Picture for a moment John Forbes Nash Junior, a brilliant mind that stepped onto the edge of sanity. He tripped through life under the spell of an insane fantasy — his conviction that he was a spy tasked with decoding a communist conspiracy. But in the end the plot was revealed as a lie of his own making when in 1959 his behavior placed him in the hospital. In the twenty years that followed, Nash spent several periods in treatment. It wasn’t until the 1970’s that his ex wife Alicia welcomed him home back home and his symptoms finally eased.
But John Nash was no fool. In the 1950’s while studying at Princeton University, he solved Hilbert’s Nineteenth problem. You might know it as the Nash Equilibrium and it is still pivotal to this day in economics, game theory, retail and a variety of problems.

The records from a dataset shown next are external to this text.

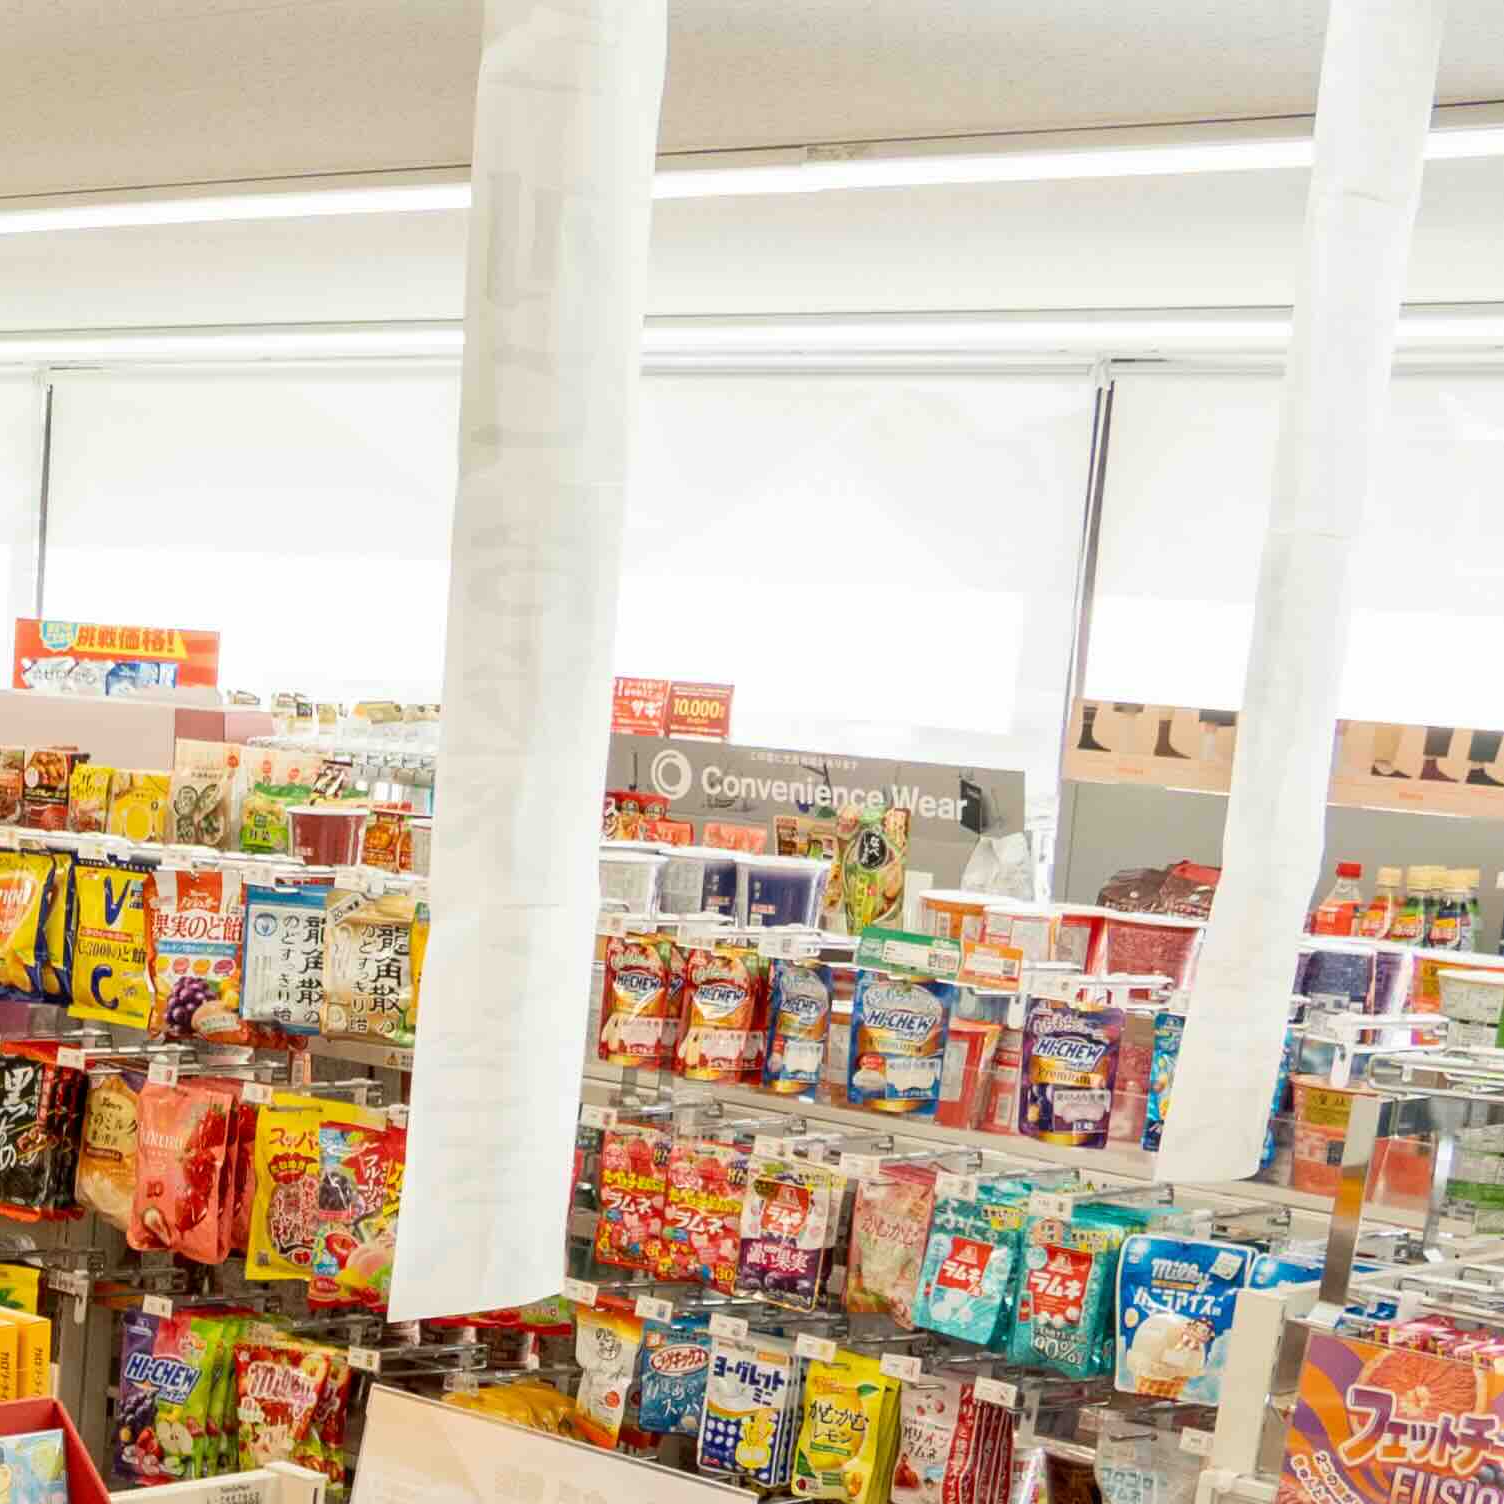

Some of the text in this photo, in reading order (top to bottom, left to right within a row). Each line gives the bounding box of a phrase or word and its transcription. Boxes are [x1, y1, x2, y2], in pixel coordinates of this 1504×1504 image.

[701, 765, 967, 820] Convenience Wear
[152, 913, 243, 941] 果実のど飴
[864, 1009, 935, 1030] HI-CHEW
[1036, 1037, 1105, 1061] HI-CHEW
[672, 1213, 726, 1234] ラムネ
[1029, 1270, 1083, 1300] ラムネ
[126, 1353, 201, 1392] HI-CHEW
[712, 1357, 787, 1391] ヨーグレット
[808, 1400, 869, 1432] かむかむ
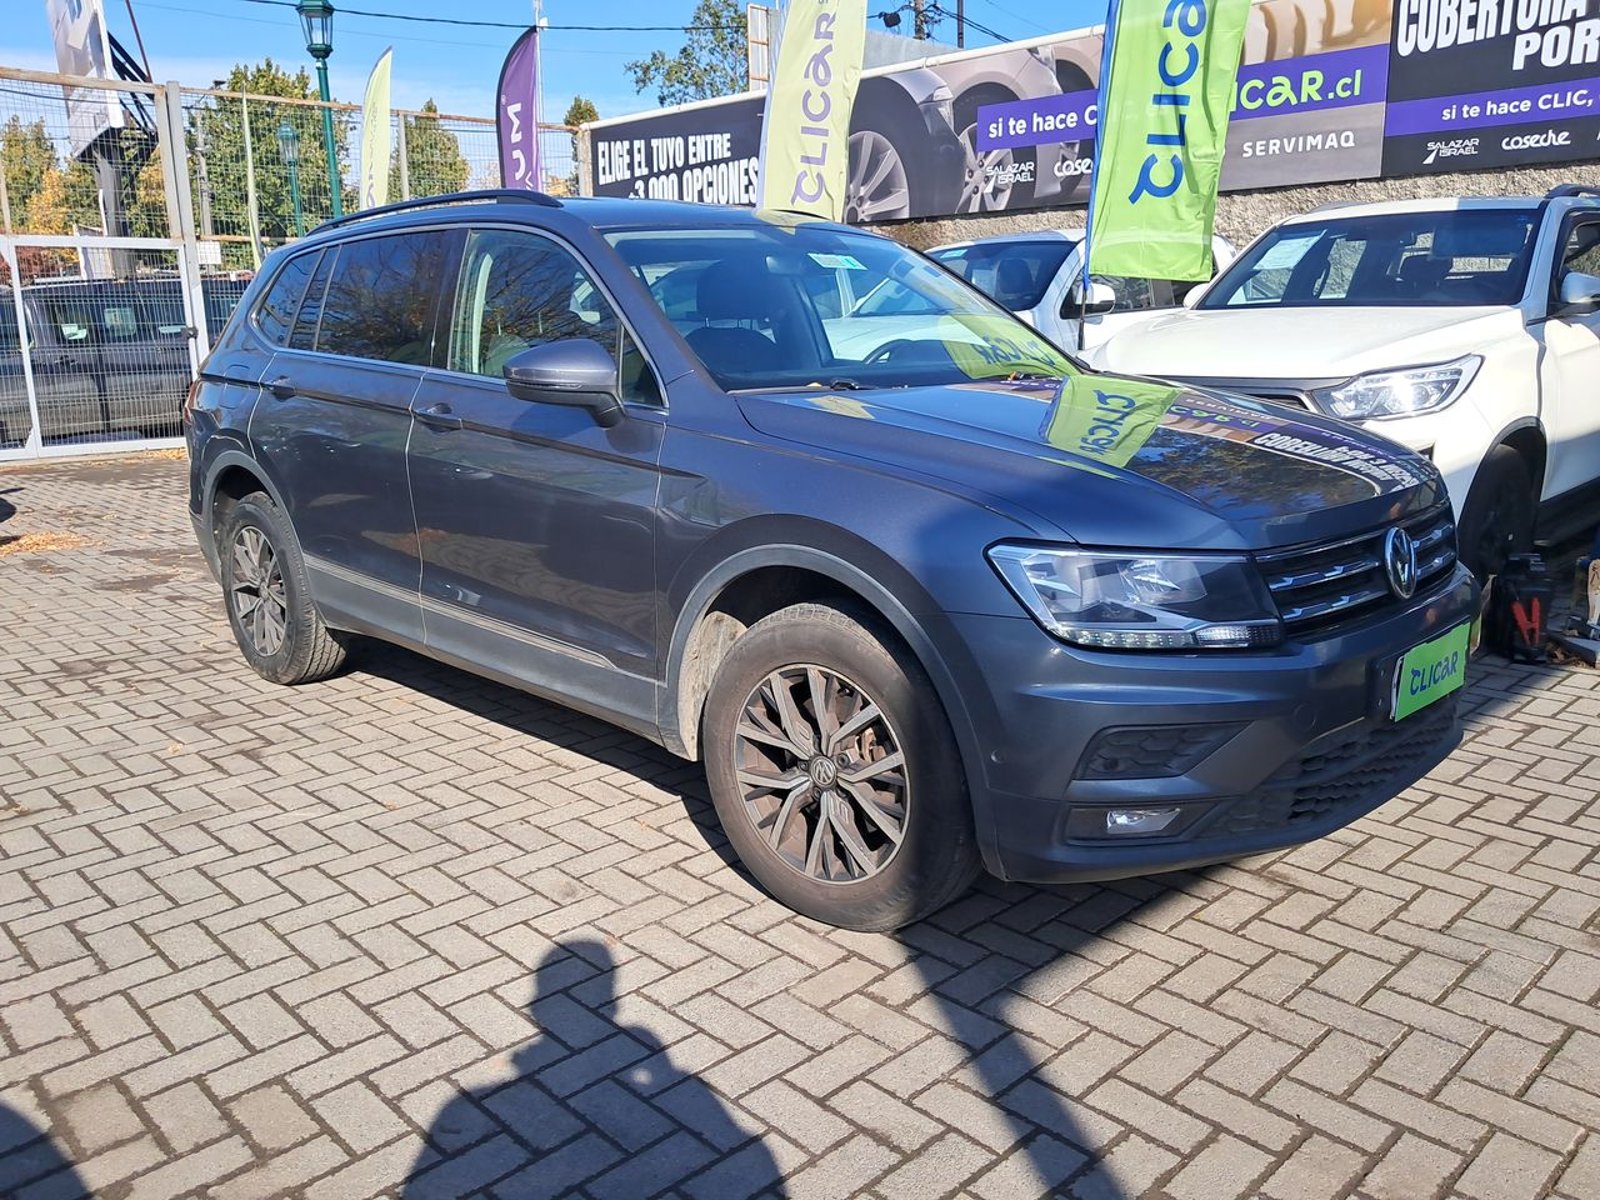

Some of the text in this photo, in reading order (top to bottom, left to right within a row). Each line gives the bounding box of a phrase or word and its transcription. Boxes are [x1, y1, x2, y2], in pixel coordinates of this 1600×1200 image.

[1512, 18, 1600, 71] POR
[1441, 89, 1594, 121] si te hace CLIC,
[988, 117, 1004, 139] si
[1008, 116, 1027, 136] te
[1032, 111, 1079, 133] hace
[1242, 130, 1356, 158] SERVIMAQ
[1426, 138, 1480, 151] SALAZAR
[1501, 129, 1571, 151] coseche
[597, 133, 732, 186] ELIGE EL TUYO ENTRE
[985, 161, 1036, 177] SALAZAR
[682, 156, 760, 206] OPCIONES

The premise of the Nash Equilibrium is that in every situation, there is a strategy where both players can achieve an optimal outcome while still knowing the intentions of the other player. Let’s say for a minute that you’re arrested and charged with armed robbery, and a friend of yours is too. You could,
- Betray your friend. You get nothing and your friend gets ten years. Or your friend betrays you.
- You both stay silent, and you both serve a year.
- Or you betray each other and both serve five years.
While it might be counterintuitive, your best option in the Nash Equilibrium is to betray each other and serve five years. This strategy satisfies the equilibrium since you are both aware of each other’s intentions.
In the kaleidoscope of schizophrenia, Nash’s story becomes a testament to the unexpected genius that can arise from the depths of such a misunderstood condition.
Yet Nash’s delusions aren’t even unique to him,
We are all deceived!
In reality our realities are all (mostly) a construct of our minds. Our eyes, ears, and touch are only of limited use. The rest is left to our minds to build. You only have to look as far as an optical illusion, where the lines are straight and of equal length. But our mind will declare that the opposite is true.
Then there is the problem of color, another illusion of the mind. In actuality, all color is only a wavelength of light. Red is about 700 nanometers, and red is no more real than our hallucinations of unequal lines in an illusion. The colors are all an ancient invention of our minds.
Our brains predict the rest of the world that we can’t perceive! And occasionally it makes mistakes and we call it hallucinations. And sometimes this hallucinations are ingenious spy fantasies worthy of a hospital stay.
“There are three sides to every story: your side, my side, and the truth. And no one is lying. Memories shared serve each differently.”